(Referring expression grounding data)

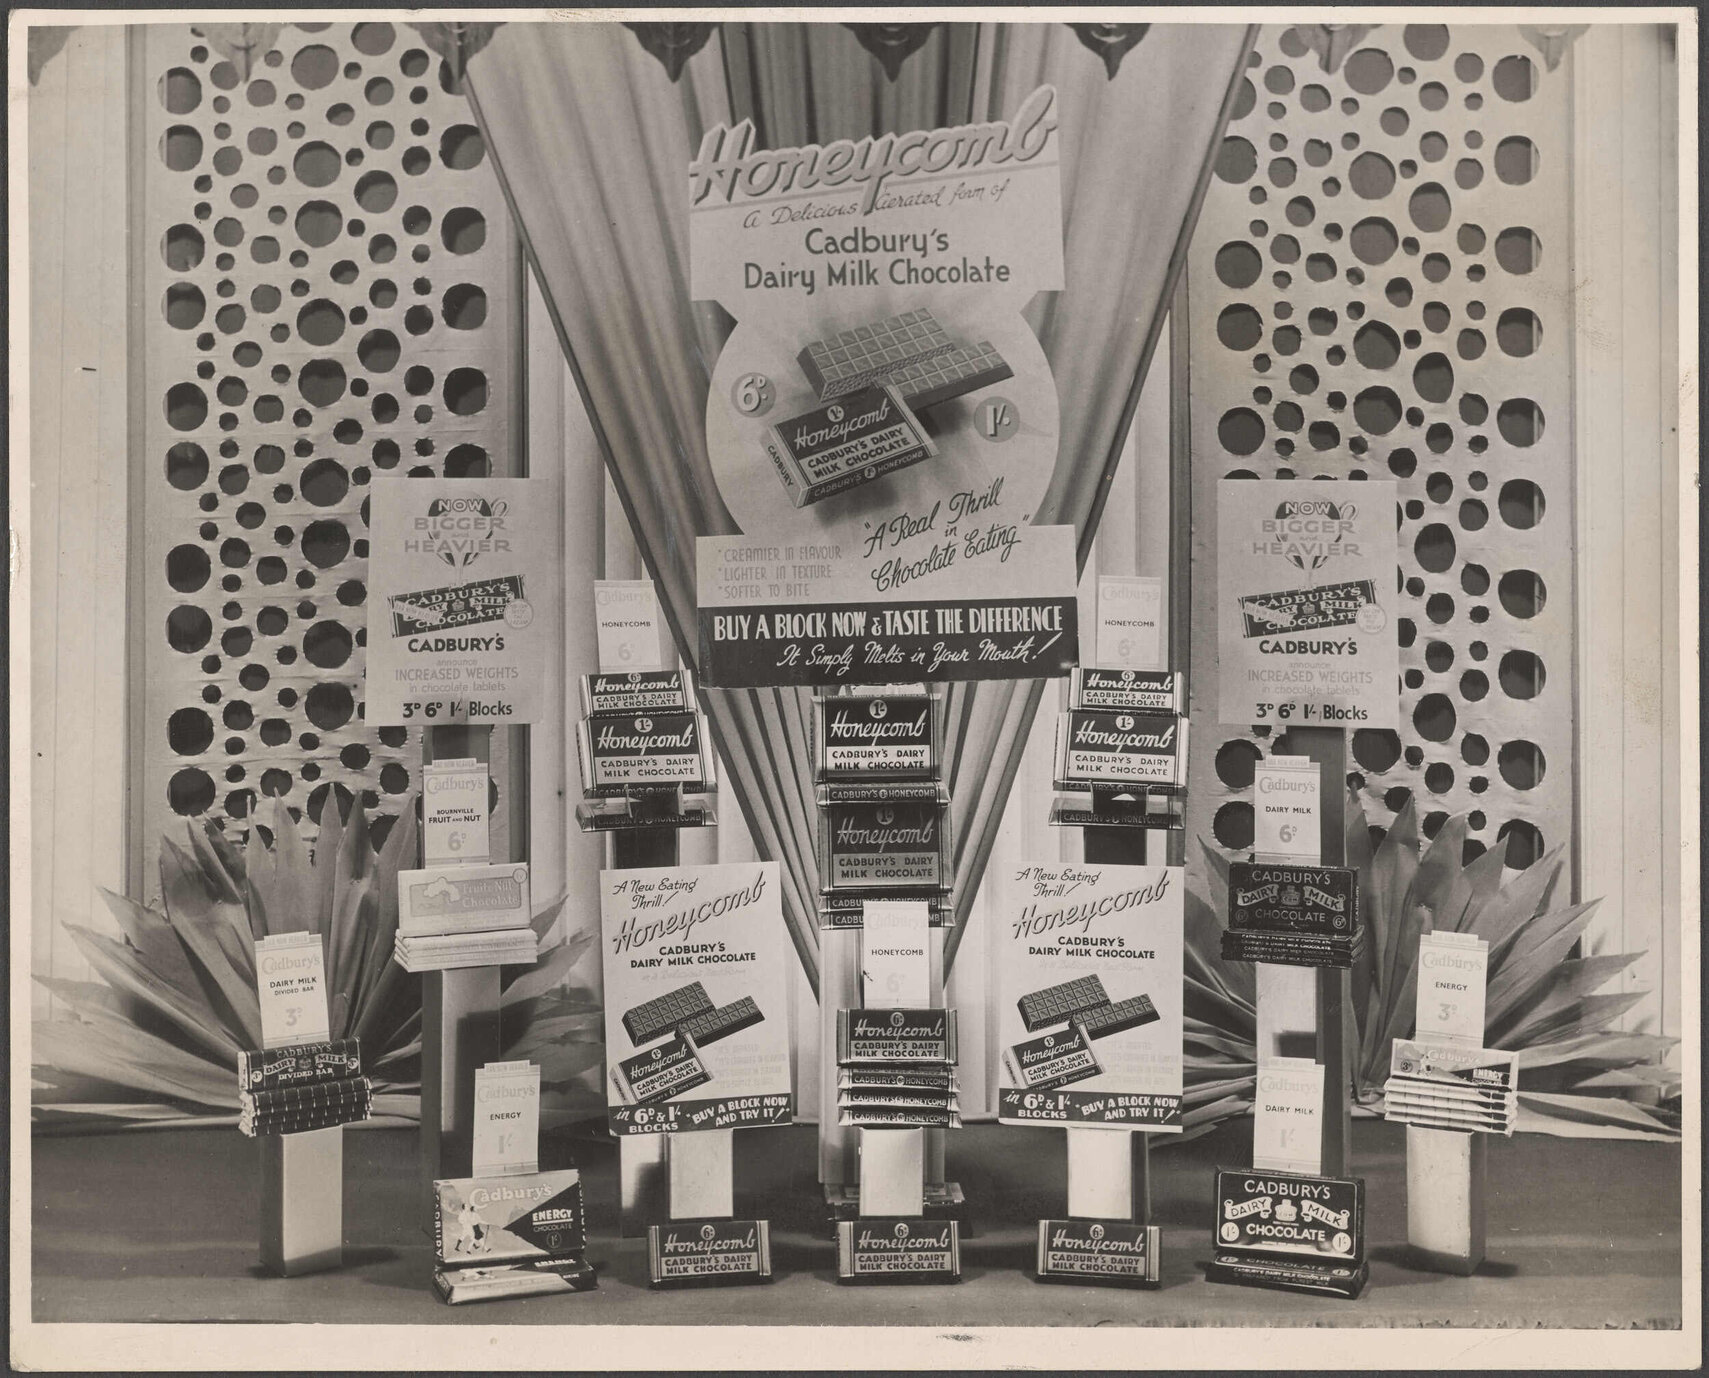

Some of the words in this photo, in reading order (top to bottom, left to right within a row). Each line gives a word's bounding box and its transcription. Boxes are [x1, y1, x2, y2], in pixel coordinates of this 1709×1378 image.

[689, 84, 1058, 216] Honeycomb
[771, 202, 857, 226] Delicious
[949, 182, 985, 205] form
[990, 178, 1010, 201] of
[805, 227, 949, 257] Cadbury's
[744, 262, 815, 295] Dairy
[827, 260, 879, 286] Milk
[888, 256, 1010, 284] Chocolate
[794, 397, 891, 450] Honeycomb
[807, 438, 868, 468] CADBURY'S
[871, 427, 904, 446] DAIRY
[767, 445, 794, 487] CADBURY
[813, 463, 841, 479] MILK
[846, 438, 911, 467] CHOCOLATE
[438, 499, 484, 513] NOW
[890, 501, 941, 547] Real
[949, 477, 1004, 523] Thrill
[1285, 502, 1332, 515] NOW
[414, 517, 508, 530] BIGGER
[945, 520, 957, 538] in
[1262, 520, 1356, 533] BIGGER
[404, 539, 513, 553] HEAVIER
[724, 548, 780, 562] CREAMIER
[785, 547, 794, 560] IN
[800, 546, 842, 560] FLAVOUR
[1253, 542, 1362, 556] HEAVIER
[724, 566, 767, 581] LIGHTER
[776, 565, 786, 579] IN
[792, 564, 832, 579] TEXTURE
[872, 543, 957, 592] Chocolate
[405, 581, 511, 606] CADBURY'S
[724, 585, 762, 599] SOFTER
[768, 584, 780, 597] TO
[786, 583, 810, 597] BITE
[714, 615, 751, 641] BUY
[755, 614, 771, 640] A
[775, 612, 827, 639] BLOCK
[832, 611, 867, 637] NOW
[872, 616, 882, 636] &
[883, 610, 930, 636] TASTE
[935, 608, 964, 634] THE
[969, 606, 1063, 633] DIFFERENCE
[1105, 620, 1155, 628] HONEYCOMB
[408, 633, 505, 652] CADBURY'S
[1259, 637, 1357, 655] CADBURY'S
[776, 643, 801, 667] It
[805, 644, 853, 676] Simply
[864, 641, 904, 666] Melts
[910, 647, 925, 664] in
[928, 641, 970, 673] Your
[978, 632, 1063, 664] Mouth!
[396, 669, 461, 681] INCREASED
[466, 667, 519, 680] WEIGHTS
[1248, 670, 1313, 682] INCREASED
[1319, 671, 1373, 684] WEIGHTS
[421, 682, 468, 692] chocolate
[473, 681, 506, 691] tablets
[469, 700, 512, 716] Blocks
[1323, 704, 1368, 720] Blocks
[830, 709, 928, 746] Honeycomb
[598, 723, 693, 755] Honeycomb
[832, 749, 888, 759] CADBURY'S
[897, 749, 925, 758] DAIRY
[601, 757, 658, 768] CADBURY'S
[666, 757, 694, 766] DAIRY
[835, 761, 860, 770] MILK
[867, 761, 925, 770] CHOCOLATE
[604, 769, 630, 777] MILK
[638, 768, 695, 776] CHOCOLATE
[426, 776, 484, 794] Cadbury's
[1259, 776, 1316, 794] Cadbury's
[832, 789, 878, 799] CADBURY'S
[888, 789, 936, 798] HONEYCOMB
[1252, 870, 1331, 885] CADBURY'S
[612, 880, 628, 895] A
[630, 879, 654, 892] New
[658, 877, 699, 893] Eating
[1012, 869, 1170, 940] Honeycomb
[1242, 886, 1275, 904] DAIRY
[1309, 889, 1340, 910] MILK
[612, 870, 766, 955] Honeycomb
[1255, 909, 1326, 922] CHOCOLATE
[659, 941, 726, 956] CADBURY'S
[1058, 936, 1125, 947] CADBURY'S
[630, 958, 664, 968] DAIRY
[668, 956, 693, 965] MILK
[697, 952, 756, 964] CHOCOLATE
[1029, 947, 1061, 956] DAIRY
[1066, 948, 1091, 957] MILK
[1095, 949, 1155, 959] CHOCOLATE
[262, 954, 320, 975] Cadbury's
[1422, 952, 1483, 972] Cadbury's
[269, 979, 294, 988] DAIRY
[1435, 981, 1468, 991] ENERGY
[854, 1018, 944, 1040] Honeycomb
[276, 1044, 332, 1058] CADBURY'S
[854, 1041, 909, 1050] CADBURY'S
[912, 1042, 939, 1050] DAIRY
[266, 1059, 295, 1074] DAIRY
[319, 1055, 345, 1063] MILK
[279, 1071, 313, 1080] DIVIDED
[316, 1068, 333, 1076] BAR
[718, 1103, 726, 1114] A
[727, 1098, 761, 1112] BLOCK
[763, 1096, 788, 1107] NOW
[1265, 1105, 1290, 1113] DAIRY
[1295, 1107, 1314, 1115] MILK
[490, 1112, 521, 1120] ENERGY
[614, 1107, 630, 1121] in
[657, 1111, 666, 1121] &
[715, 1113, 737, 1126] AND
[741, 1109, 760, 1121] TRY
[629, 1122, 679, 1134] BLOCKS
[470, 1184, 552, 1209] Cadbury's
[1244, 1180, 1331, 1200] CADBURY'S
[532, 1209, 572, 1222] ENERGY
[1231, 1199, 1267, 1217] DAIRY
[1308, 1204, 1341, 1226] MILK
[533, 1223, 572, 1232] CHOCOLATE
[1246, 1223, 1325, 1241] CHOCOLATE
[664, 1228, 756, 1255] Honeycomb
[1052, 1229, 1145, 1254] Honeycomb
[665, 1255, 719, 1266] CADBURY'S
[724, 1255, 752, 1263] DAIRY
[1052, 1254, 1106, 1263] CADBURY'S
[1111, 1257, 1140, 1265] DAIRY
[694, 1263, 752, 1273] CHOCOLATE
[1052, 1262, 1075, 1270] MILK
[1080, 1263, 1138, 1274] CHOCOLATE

* INSTRUCTIONS FOR THE TASK: Print every entry exactly; omit the pictures.

* RESULT OF THIS TASK:
Some of the words in this photo, in reading order (top to bottom, left to right within a row). Each line gives a word's bounding box and its transcription. Boxes are [x1, y1, x2, y2], in pixel coordinates of this 1709×1378 image.

[689, 84, 1058, 216] Honeycomb
[771, 202, 857, 226] Delicious
[949, 182, 985, 205] form
[990, 178, 1010, 201] of
[805, 227, 949, 257] Cadbury's
[744, 262, 815, 295] Dairy
[827, 260, 879, 286] Milk
[888, 256, 1010, 284] Chocolate
[794, 397, 891, 450] Honeycomb
[807, 438, 868, 468] CADBURY'S
[871, 427, 904, 446] DAIRY
[767, 445, 794, 487] CADBURY
[813, 463, 841, 479] MILK
[846, 438, 911, 467] CHOCOLATE
[438, 499, 484, 513] NOW
[890, 501, 941, 547] Real
[949, 477, 1004, 523] Thrill
[1285, 502, 1332, 515] NOW
[414, 517, 508, 530] BIGGER
[945, 520, 957, 538] in
[1262, 520, 1356, 533] BIGGER
[404, 539, 513, 553] HEAVIER
[724, 548, 780, 562] CREAMIER
[785, 547, 794, 560] IN
[800, 546, 842, 560] FLAVOUR
[1253, 542, 1362, 556] HEAVIER
[724, 566, 767, 581] LIGHTER
[776, 565, 786, 579] IN
[792, 564, 832, 579] TEXTURE
[872, 543, 957, 592] Chocolate
[405, 581, 511, 606] CADBURY'S
[724, 585, 762, 599] SOFTER
[768, 584, 780, 597] TO
[786, 583, 810, 597] BITE
[714, 615, 751, 641] BUY
[755, 614, 771, 640] A
[775, 612, 827, 639] BLOCK
[832, 611, 867, 637] NOW
[872, 616, 882, 636] &
[883, 610, 930, 636] TASTE
[935, 608, 964, 634] THE
[969, 606, 1063, 633] DIFFERENCE
[1105, 620, 1155, 628] HONEYCOMB
[408, 633, 505, 652] CADBURY'S
[1259, 637, 1357, 655] CADBURY'S
[776, 643, 801, 667] It
[805, 644, 853, 676] Simply
[864, 641, 904, 666] Melts
[910, 647, 925, 664] in
[928, 641, 970, 673] Your
[978, 632, 1063, 664] Mouth!
[396, 669, 461, 681] INCREASED
[466, 667, 519, 680] WEIGHTS
[1248, 670, 1313, 682] INCREASED
[1319, 671, 1373, 684] WEIGHTS
[421, 682, 468, 692] chocolate
[473, 681, 506, 691] tablets
[469, 700, 512, 716] Blocks
[1323, 704, 1368, 720] Blocks
[830, 709, 928, 746] Honeycomb
[598, 723, 693, 755] Honeycomb
[832, 749, 888, 759] CADBURY'S
[897, 749, 925, 758] DAIRY
[601, 757, 658, 768] CADBURY'S
[666, 757, 694, 766] DAIRY
[835, 761, 860, 770] MILK
[867, 761, 925, 770] CHOCOLATE
[604, 769, 630, 777] MILK
[638, 768, 695, 776] CHOCOLATE
[426, 776, 484, 794] Cadbury's
[1259, 776, 1316, 794] Cadbury's
[832, 789, 878, 799] CADBURY'S
[888, 789, 936, 798] HONEYCOMB
[1252, 870, 1331, 885] CADBURY'S
[612, 880, 628, 895] A
[630, 879, 654, 892] New
[658, 877, 699, 893] Eating
[1012, 869, 1170, 940] Honeycomb
[1242, 886, 1275, 904] DAIRY
[1309, 889, 1340, 910] MILK
[612, 870, 766, 955] Honeycomb
[1255, 909, 1326, 922] CHOCOLATE
[659, 941, 726, 956] CADBURY'S
[1058, 936, 1125, 947] CADBURY'S
[630, 958, 664, 968] DAIRY
[668, 956, 693, 965] MILK
[697, 952, 756, 964] CHOCOLATE
[1029, 947, 1061, 956] DAIRY
[1066, 948, 1091, 957] MILK
[1095, 949, 1155, 959] CHOCOLATE
[262, 954, 320, 975] Cadbury's
[1422, 952, 1483, 972] Cadbury's
[269, 979, 294, 988] DAIRY
[1435, 981, 1468, 991] ENERGY
[854, 1018, 944, 1040] Honeycomb
[276, 1044, 332, 1058] CADBURY'S
[854, 1041, 909, 1050] CADBURY'S
[912, 1042, 939, 1050] DAIRY
[266, 1059, 295, 1074] DAIRY
[319, 1055, 345, 1063] MILK
[279, 1071, 313, 1080] DIVIDED
[316, 1068, 333, 1076] BAR
[718, 1103, 726, 1114] A
[727, 1098, 761, 1112] BLOCK
[763, 1096, 788, 1107] NOW
[1265, 1105, 1290, 1113] DAIRY
[1295, 1107, 1314, 1115] MILK
[490, 1112, 521, 1120] ENERGY
[614, 1107, 630, 1121] in
[657, 1111, 666, 1121] &
[715, 1113, 737, 1126] AND
[741, 1109, 760, 1121] TRY
[629, 1122, 679, 1134] BLOCKS
[470, 1184, 552, 1209] Cadbury's
[1244, 1180, 1331, 1200] CADBURY'S
[532, 1209, 572, 1222] ENERGY
[1231, 1199, 1267, 1217] DAIRY
[1308, 1204, 1341, 1226] MILK
[533, 1223, 572, 1232] CHOCOLATE
[1246, 1223, 1325, 1241] CHOCOLATE
[664, 1228, 756, 1255] Honeycomb
[1052, 1229, 1145, 1254] Honeycomb
[665, 1255, 719, 1266] CADBURY'S
[724, 1255, 752, 1263] DAIRY
[1052, 1254, 1106, 1263] CADBURY'S
[1111, 1257, 1140, 1265] DAIRY
[694, 1263, 752, 1273] CHOCOLATE
[1052, 1262, 1075, 1270] MILK
[1080, 1263, 1138, 1274] CHOCOLATE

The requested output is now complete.